Whilst we’re enjoying the warmer temperatures and the sun has come out to play – our heating is off and forgotten about for the time being as we instead look for ways to cool our houses with opened windows and cross breezes. Working from home without air-con can also make a sticky work situation as the unpredictable Scottish weather has our homes heating up like an oven.

This summer, Scotland is currently experiencing some of the highest recorded temperatures – areas like Glasgow and Ayrshire are expected to hit close to 30°C. On 20th July, Renfrewshire reached 28°C, the warmest weather of the year so far.

However, just because it’s summer it doesn’t mean that you should just turn off your boiler in an attempt to save money. There are a few things you should be doing in the summer to keep your boiler healthy for the likely freezing-cold winter that we will be entering in a few months.

Don’t turn it off

Many people are under the misconception that you should turn your boiler off to save energy and subsequently money. However, this couldn’t be further from the truth. You should keep your boiler on and working in optimum condition, as when it is completely inactive, it could break down.

Boiler emergencies surge during cold weather. This is because, after months of disuse, a boiler is suddenly turned on and cranked to maximum, only to break down. This happens because you’re putting excessive pressure on your boiler, which makes it susceptible to packing in. Turning your boiler completely off for a long period of time can cause your valves and pump to seize up. Even if you’re not using your boiler, keep it on – especially if you don’t have a combi boiler.

To avoid an annoying start to autumn, you should ease your boiler back into action and turn your heating on once a month for a few minutes throughout summer to check it is still in good health. You should also avoid any air getting trapped in your radiators and bleed them in early autumn. As it gets colder, gradually turn your heating temperature up so it gets used to it after months of inactivity.
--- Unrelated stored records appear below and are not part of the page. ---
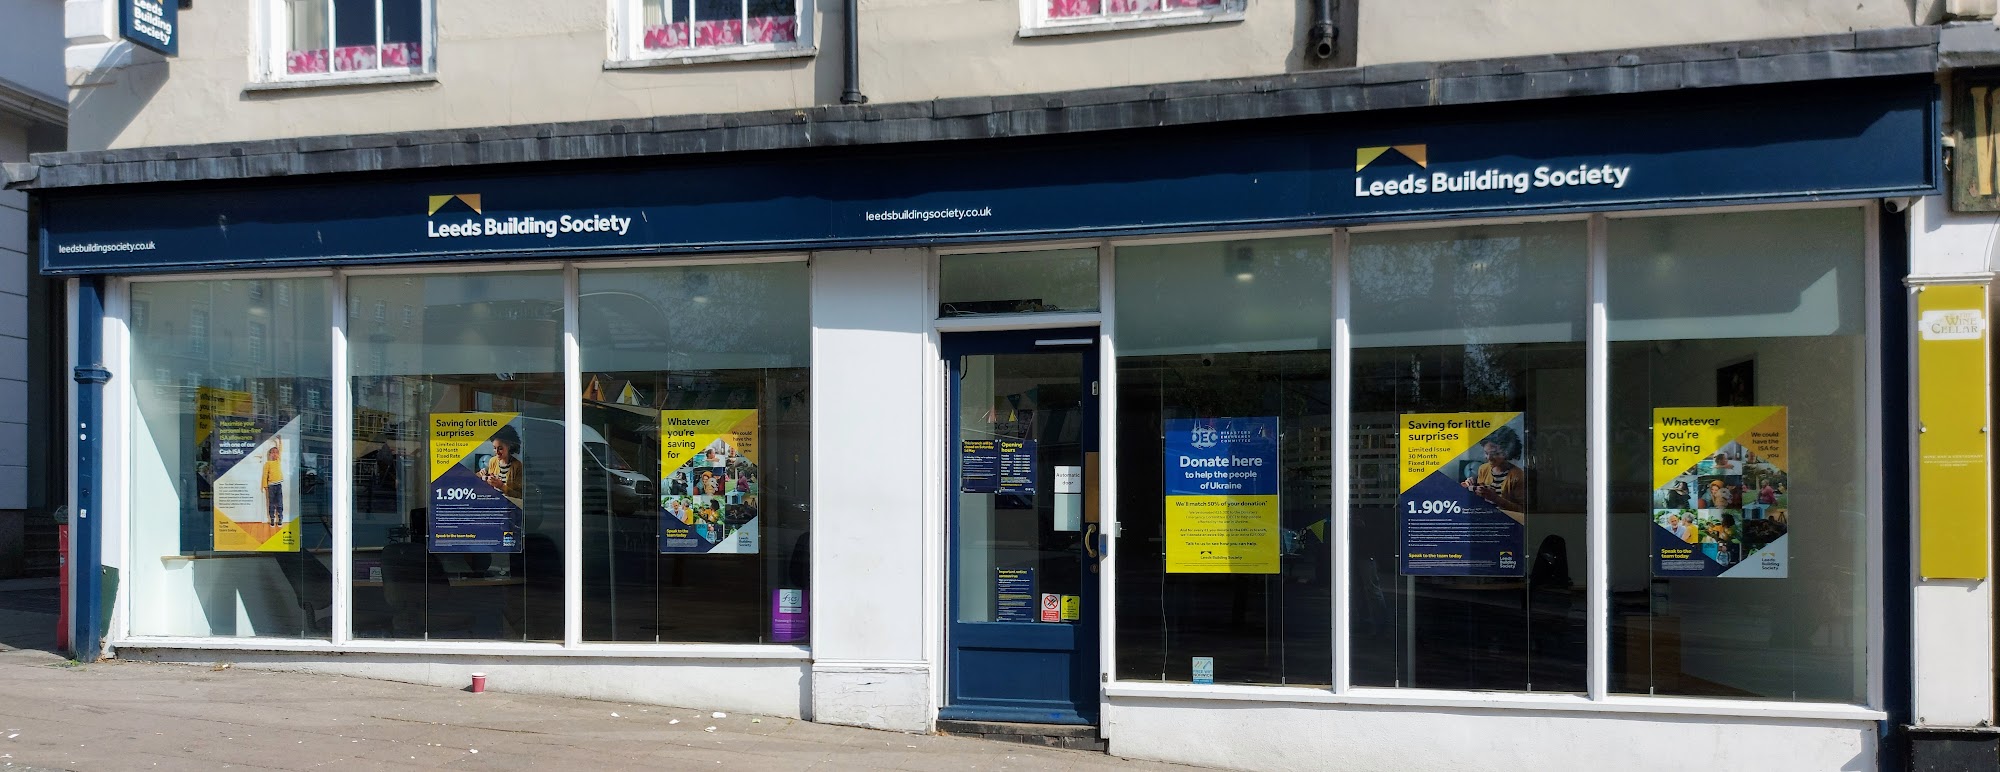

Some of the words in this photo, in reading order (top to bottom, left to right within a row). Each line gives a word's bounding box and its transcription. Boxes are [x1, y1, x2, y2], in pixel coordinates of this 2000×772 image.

[134, 6, 171, 35] Building
[134, 18, 170, 45] Society
[1355, 174, 1427, 197] Leeds
[1431, 170, 1529, 193] Building
[1533, 164, 1630, 188] Society
[866, 206, 992, 221] leedsbuildingsociety.co.uk
[428, 218, 482, 238] Leeds
[484, 216, 558, 238] Building
[560, 214, 631, 235] Society
[58, 241, 156, 253] leedsbuildingsociety.co.uk
[1944, 315, 1977, 326] WINE
[1931, 323, 1978, 334] CELLAR
[436, 419, 464, 428] Saving
[465, 419, 477, 427] for
[478, 419, 498, 427] little
[667, 418, 710, 426] Whatever
[1408, 420, 1445, 431] Saving
[1447, 420, 1463, 429] for
[1465, 420, 1491, 428] little
[1662, 417, 1720, 426] Whatever
[436, 430, 475, 438] surprises
[667, 429, 695, 438] you're
[1408, 432, 1459, 442] surprises
[1662, 430, 1699, 441] you're
[667, 440, 696, 449] saving
[1662, 443, 1701, 454] saving
[1179, 455, 1230, 468] Donate
[1231, 455, 1263, 467] here
[1662, 456, 1679, 465] for
[1195, 470, 1213, 480] help
[1214, 470, 1228, 478] the
[1229, 470, 1257, 480] people
[1210, 482, 1242, 490] Ukraine
[436, 488, 477, 500] 1.90%
[1407, 500, 1461, 514] 1.90%
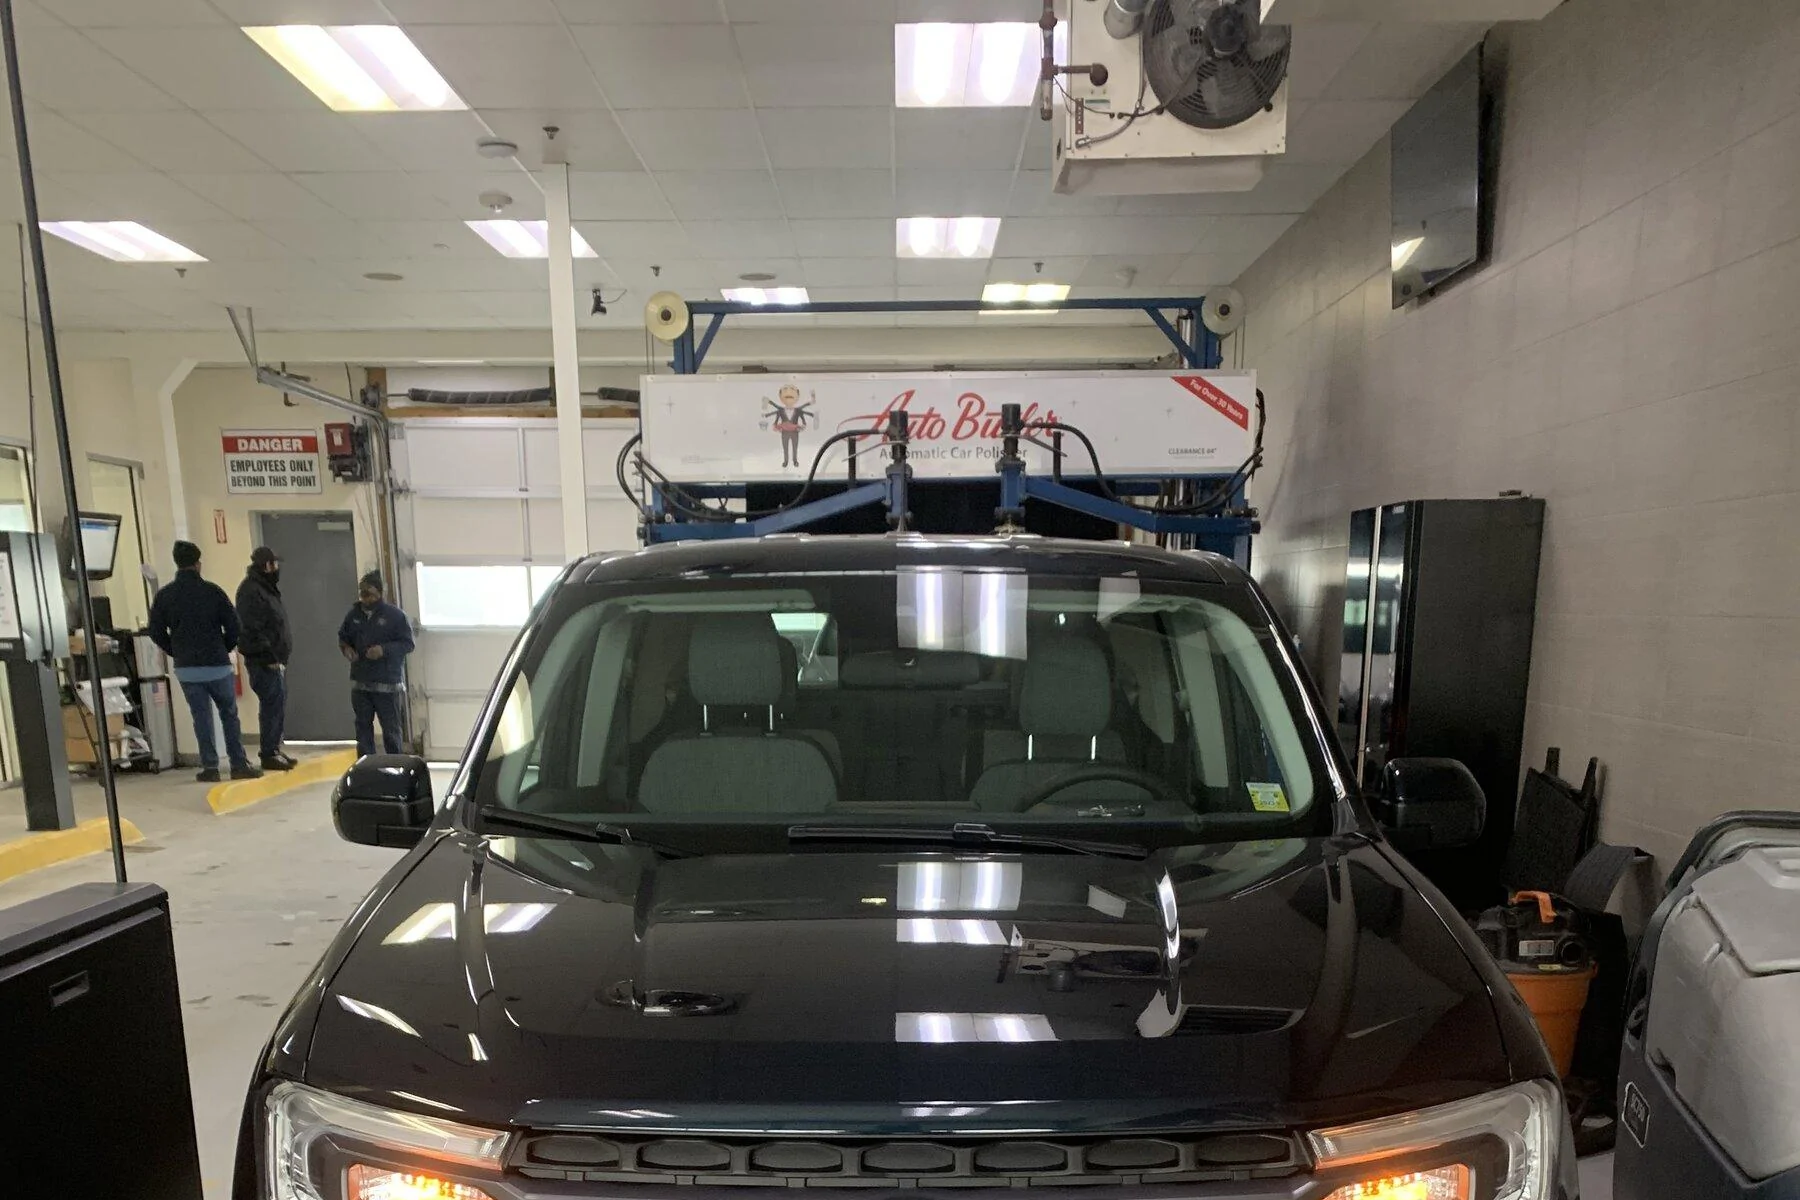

Mark Glasgow, Managing Director at The Edinburgh Boiler Company, winner of the Outstanding Customer Service Initiative category at the 2021 Global Business Excellence Awards, commented: “When it comes to boiler maintenance, prevention is better than a cure. Boilers which are regularly warmed up will run smoothly and have less chance of breaking down and less chance of costing you more money in repairs, total replacement, or more money wasted on running inefficiently.”

Colder winters

Much of the winter this year in Scotland was struck by sub-zero temperatures. Heavy snow and hazardous ice resulted in weather and travel warnings. Extreme weather is going to become a regular occurrence as the planet warms and weather patterns change. It is expected that this winter will be just as cold. As the average global temperature increases, which is expected to increase1.5°C in the next five years, Scotland is expected to face more extreme weather.

Don’t run the risk of continuing with a faulty or old boiler for a cold winter. Scottish Health Secretary Humza Yousaf hasn’t ruled out the possibility of further lockdown restrictions in the winter if COVID-19 deaths begin to increase. Tight restrictions could be placed on home visits and repairs, so make sure your boiler is in the best possible condition.

Replacing your boiler

Replacing a boiler might be at the back of many of our minds in summer – heating is often our last consideration. The summer months are naturally the better time to consider a new boiler installation, as it is quieter around this time. As there are more breakdowns during the winter, avoid the queues and get in early. If you do notice any issues now but think you should deal with it when you need to use it, get it fixed before it gets more problematic.

Keep your boiler running efficiently for an easy transition into winter. Remember to spot any issues early so these can be quashed before you’ll be relying on your boiler for warmth.